ASSIGNMENT
Copy out the data word for word. The images are not part of the copy.

---

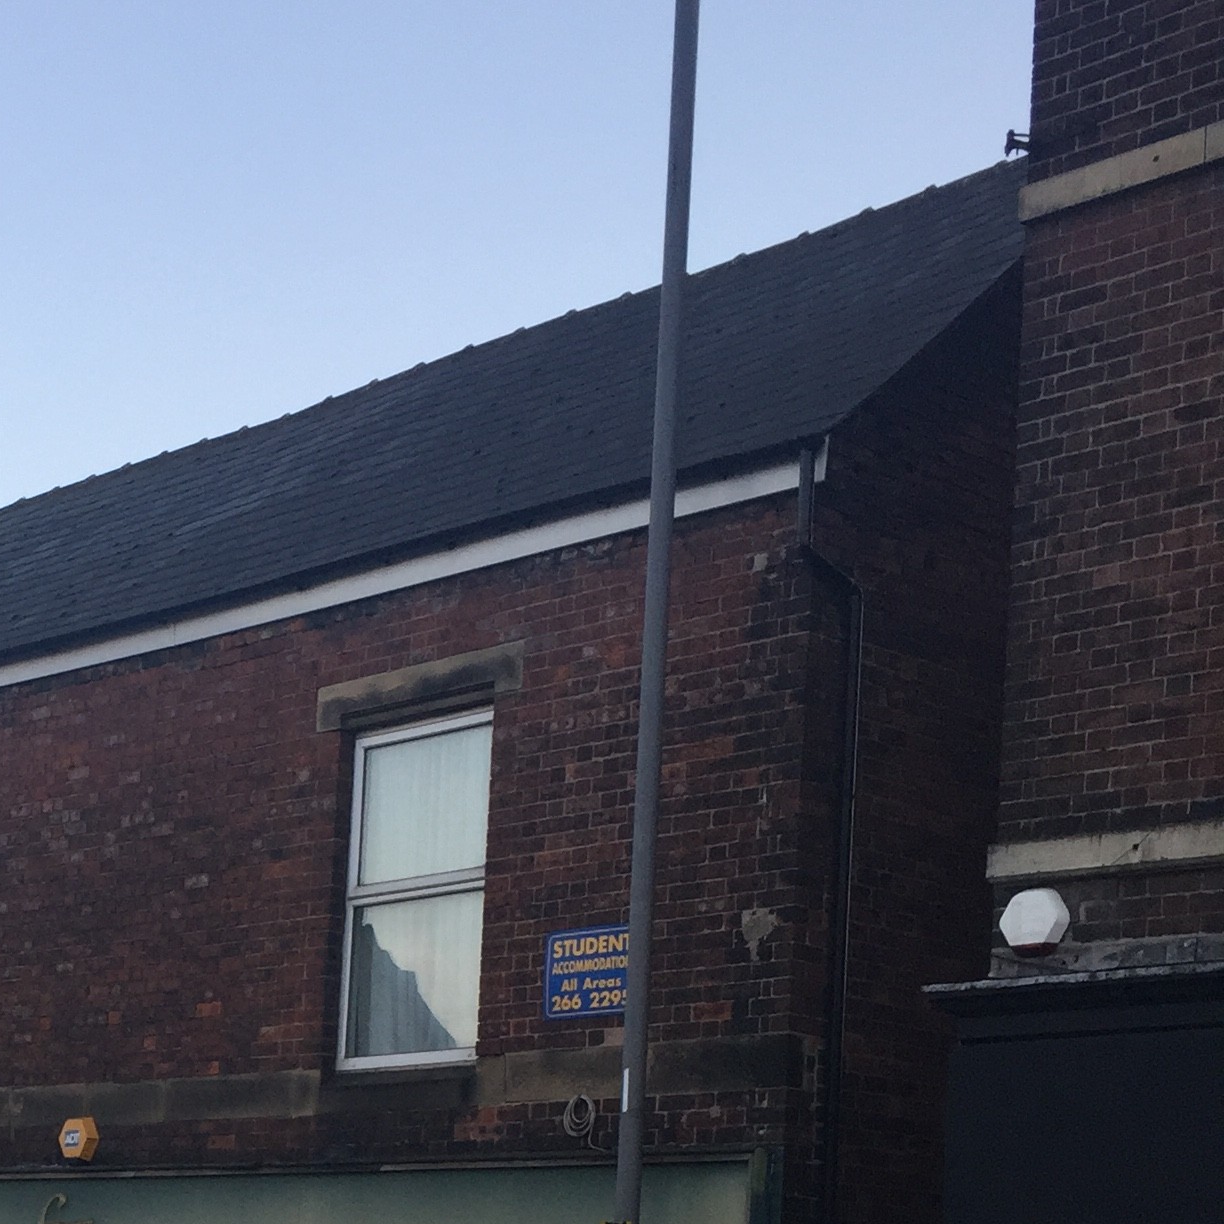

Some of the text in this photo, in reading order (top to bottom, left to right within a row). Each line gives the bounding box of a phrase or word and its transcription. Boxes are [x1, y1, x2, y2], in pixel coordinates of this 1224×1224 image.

[552, 933, 630, 959] STUDENT
[560, 977, 622, 992] All Areas
[551, 993, 582, 1012] 266
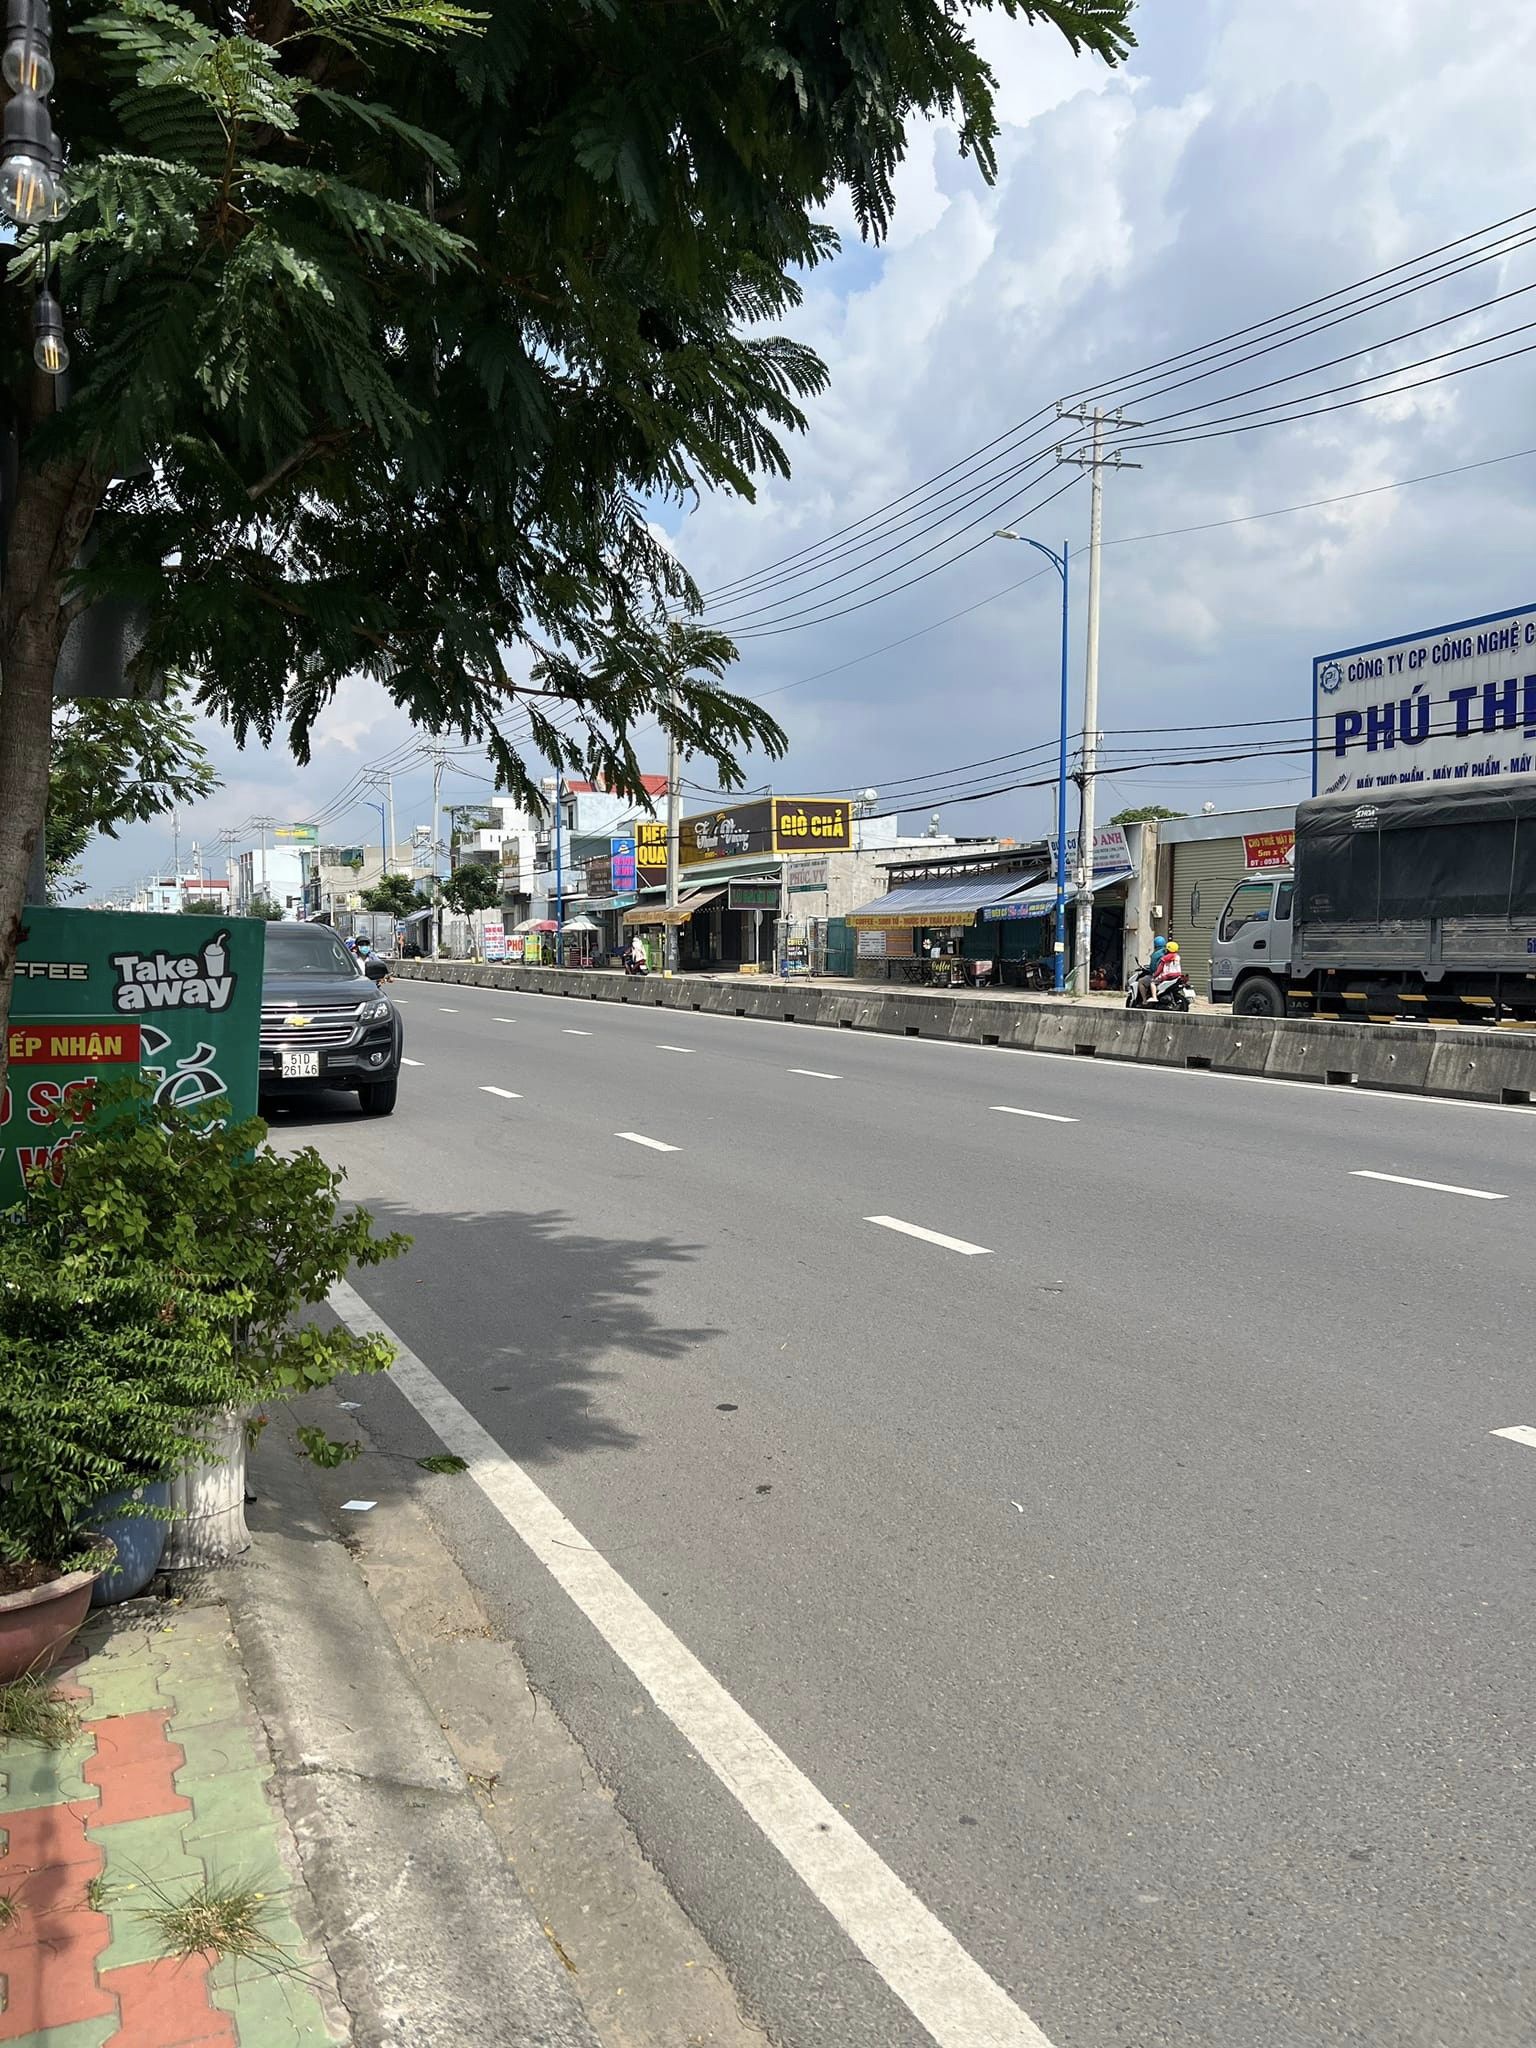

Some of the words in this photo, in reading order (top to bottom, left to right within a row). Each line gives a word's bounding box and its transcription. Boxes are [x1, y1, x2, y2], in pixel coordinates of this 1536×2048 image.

[1348, 657, 1383, 682] CÔNG
[1388, 653, 1404, 674] TY
[1408, 648, 1427, 669] CP
[1432, 637, 1472, 664] CÔNG
[1477, 621, 1519, 653] NGHỆ
[1335, 683, 1430, 757] PHÚ
[1356, 774, 1374, 789] MÁY
[1433, 764, 1452, 780] MÁY
[1471, 755, 1501, 777] PHẨM
[1510, 753, 1532, 773] MÁY
[780, 809, 808, 837] GIÒ
[811, 809, 844, 837] CHẢ
[1101, 833, 1123, 846] ANH
[639, 845, 668, 866] QUA
[789, 868, 811, 886] PHÚC
[812, 868, 826, 883] VY
[114, 954, 199, 983] Take
[117, 976, 233, 1010] away
[51, 1032, 123, 1060] NHẬN
[291, 1053, 310, 1065] 51D

---

RESULT FOR THIS TASK
Some of the text in this photo, in reading order (top to bottom, left to right within a row). Each line gives the bounding box of a phrase or word and its transcription. Boxes are [x1, y1, x2, y2], in pixel coordinates of this 1224×1224 image.

[552, 933, 630, 959] STUDENT
[560, 977, 622, 992] All Areas
[551, 993, 582, 1012] 266

Some of the words in this photo, in reading order (top to bottom, left to right within a row). Each line gives a word's bounding box and its transcription. Boxes are [x1, y1, x2, y2], in pixel coordinates of this 1536×2048 image.

[1348, 657, 1383, 682] CÔNG
[1388, 653, 1404, 674] TY
[1408, 648, 1427, 669] CP
[1432, 637, 1472, 664] CÔNG
[1477, 621, 1519, 653] NGHỆ
[1335, 683, 1430, 757] PHÚ
[1356, 774, 1374, 789] MÁY
[1433, 764, 1452, 780] MÁY
[1471, 755, 1501, 777] PHẨM
[1510, 753, 1532, 773] MÁY
[780, 809, 808, 837] GIÒ
[811, 809, 844, 837] CHẢ
[1101, 833, 1123, 846] ANH
[639, 845, 668, 866] QUA
[789, 868, 811, 886] PHÚC
[812, 868, 826, 883] VY
[114, 954, 199, 983] Take
[117, 976, 233, 1010] away
[51, 1032, 123, 1060] NHẬN
[291, 1053, 310, 1065] 51D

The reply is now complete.